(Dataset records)
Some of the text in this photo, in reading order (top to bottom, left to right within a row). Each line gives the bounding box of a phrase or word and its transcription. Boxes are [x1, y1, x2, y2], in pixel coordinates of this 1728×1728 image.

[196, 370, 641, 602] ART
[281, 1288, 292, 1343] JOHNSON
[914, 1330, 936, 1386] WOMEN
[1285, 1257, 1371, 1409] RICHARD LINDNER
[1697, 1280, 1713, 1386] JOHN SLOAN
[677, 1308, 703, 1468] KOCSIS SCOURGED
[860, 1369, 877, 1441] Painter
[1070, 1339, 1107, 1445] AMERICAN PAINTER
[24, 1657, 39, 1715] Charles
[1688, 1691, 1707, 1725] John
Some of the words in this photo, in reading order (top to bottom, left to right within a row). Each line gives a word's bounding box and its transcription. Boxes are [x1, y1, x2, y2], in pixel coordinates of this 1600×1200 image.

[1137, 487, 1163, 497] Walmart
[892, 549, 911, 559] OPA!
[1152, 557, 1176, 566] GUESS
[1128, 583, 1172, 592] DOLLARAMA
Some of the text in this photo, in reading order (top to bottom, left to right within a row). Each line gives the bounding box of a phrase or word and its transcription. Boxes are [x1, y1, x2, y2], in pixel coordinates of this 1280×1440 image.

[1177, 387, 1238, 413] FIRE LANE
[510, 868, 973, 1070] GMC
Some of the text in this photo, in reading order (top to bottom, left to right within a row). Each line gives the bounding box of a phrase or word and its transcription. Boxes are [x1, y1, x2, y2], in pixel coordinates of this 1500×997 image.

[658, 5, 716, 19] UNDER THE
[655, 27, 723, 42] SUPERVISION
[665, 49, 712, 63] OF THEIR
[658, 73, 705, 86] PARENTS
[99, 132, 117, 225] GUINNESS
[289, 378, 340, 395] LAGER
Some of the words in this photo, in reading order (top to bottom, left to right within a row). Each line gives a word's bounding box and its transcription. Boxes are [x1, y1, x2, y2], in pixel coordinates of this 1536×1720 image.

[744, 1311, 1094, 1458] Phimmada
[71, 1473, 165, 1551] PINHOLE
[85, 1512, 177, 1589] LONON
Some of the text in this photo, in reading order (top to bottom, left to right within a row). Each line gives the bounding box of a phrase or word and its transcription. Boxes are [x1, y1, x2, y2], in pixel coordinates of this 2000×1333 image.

YOUR TASK:
Write the records out once more. Change nothing.

REPLY TO THE EXERCISE:
Some of the text in this photo, in reading order (top to bottom, left to right within a row). Each line gives the bounding box of a phrase or word and its transcription. Boxes are [x1, y1, x2, y2], in pixel coordinates of this 1728×1728 image.

[196, 370, 641, 602] ART
[281, 1288, 292, 1343] JOHNSON
[914, 1330, 936, 1386] WOMEN
[1285, 1257, 1371, 1409] RICHARD LINDNER
[1697, 1280, 1713, 1386] JOHN SLOAN
[677, 1308, 703, 1468] KOCSIS SCOURGED
[860, 1369, 877, 1441] Painter
[1070, 1339, 1107, 1445] AMERICAN PAINTER
[24, 1657, 39, 1715] Charles
[1688, 1691, 1707, 1725] John
Some of the words in this photo, in reading order (top to bottom, left to right within a row). Each line gives a word's bounding box and its transcription. Boxes are [x1, y1, x2, y2], in pixel coordinates of this 1600×1200 image.

[1137, 487, 1163, 497] Walmart
[892, 549, 911, 559] OPA!
[1152, 557, 1176, 566] GUESS
[1128, 583, 1172, 592] DOLLARAMA
Some of the text in this photo, in reading order (top to bottom, left to right within a row). Each line gives the bounding box of a phrase or word and its transcription. Boxes are [x1, y1, x2, y2], in pixel coordinates of this 1280×1440 image.

[1177, 387, 1238, 413] FIRE LANE
[510, 868, 973, 1070] GMC
Some of the text in this photo, in reading order (top to bottom, left to right within a row). Each line gives the bounding box of a phrase or word and its transcription. Boxes are [x1, y1, x2, y2], in pixel coordinates of this 1500×997 image.

[658, 5, 716, 19] UNDER THE
[655, 27, 723, 42] SUPERVISION
[665, 49, 712, 63] OF THEIR
[658, 73, 705, 86] PARENTS
[99, 132, 117, 225] GUINNESS
[289, 378, 340, 395] LAGER
Some of the words in this photo, in reading order (top to bottom, left to right within a row). Each line gives a word's bounding box and its transcription. Boxes are [x1, y1, x2, y2], in pixel coordinates of this 1536×1720 image.

[744, 1311, 1094, 1458] Phimmada
[71, 1473, 165, 1551] PINHOLE
[85, 1512, 177, 1589] LONON
Some of the text in this photo, in reading order (top to bottom, left to right within a row). Each line gives the bounding box of a phrase or word and its transcription. Boxes are [x1, y1, x2, y2], in pixel coordinates of this 2000×1333 image.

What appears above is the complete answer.